Petrarch, Against a Man Who Slandered Italy (15):
But what will our detractor do? I know. He will praise the taverns of Gaul – quite fine praise for a teetotaler. I recently went by and saw them entirely wrecked and deserted. He will praise the peace of his fatherland, which I for my part have seen disturbed and anything but peaceful. “But the change there is not as great as in Rome.” Who does not know this and also know the reason for it? The ruin of insignificant things cannot be great, and the people of Gaul are spared this fear. Nothing can fall from the heights if it forever lies in the dirt. Rome therefore fell from on high, but Avignon will never fall. Where could it fall from, or how would it suffer any loss, when it is already nothing?

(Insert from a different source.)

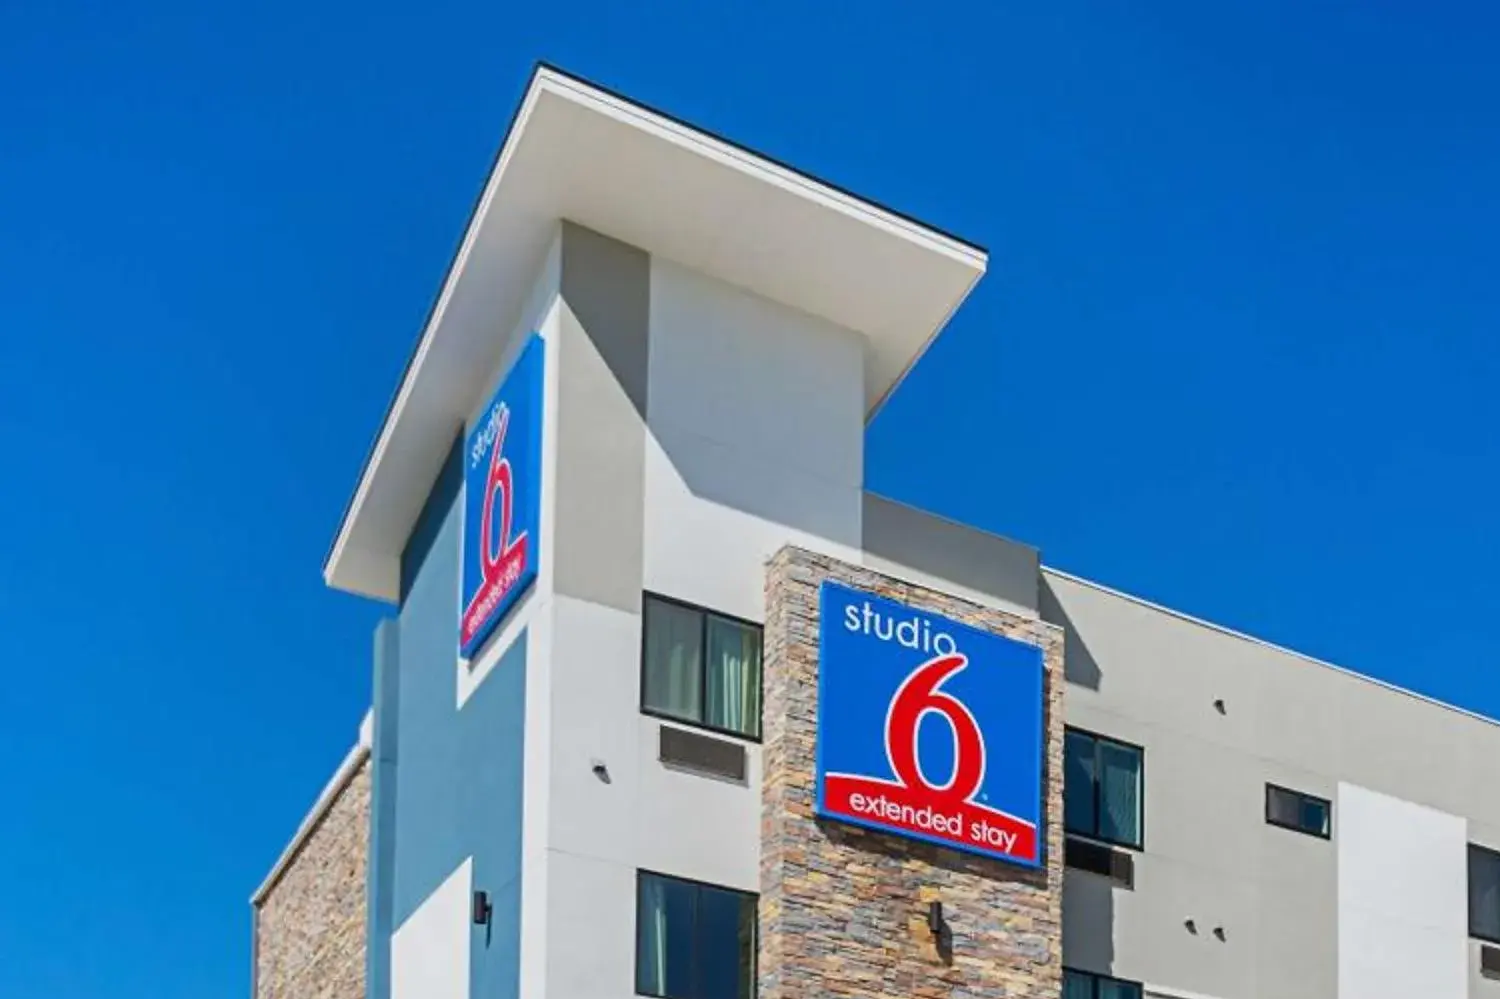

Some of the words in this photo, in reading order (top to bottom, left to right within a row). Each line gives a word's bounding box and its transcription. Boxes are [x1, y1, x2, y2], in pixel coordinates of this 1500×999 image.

[844, 601, 957, 657] studio
[884, 652, 987, 803] 6
[848, 790, 964, 837] extended
[970, 819, 1018, 855] stay

Sed quid aget? Scio. Laudabit Gallie tabernas – pulcra laus sobrii hominis -, quas ego tamen illac nuper transiens et eversas vidi et desertas. Laudabit patrie quietem, quam profecto turbidam inquietamque prospexi. Sed non est ibi mutatio, quanta est Rome. Quis hanc rem reique causam non videt? Minutarum rerum ruina magna esse non potest, procul absunt ab hoc metu: nunquam cadet ex alto, qui in imo iacet. Roma igitur ex alto cecidit, non cadet Avinio. Unde enim caderet, aut quomodo decresceret, que est nichil?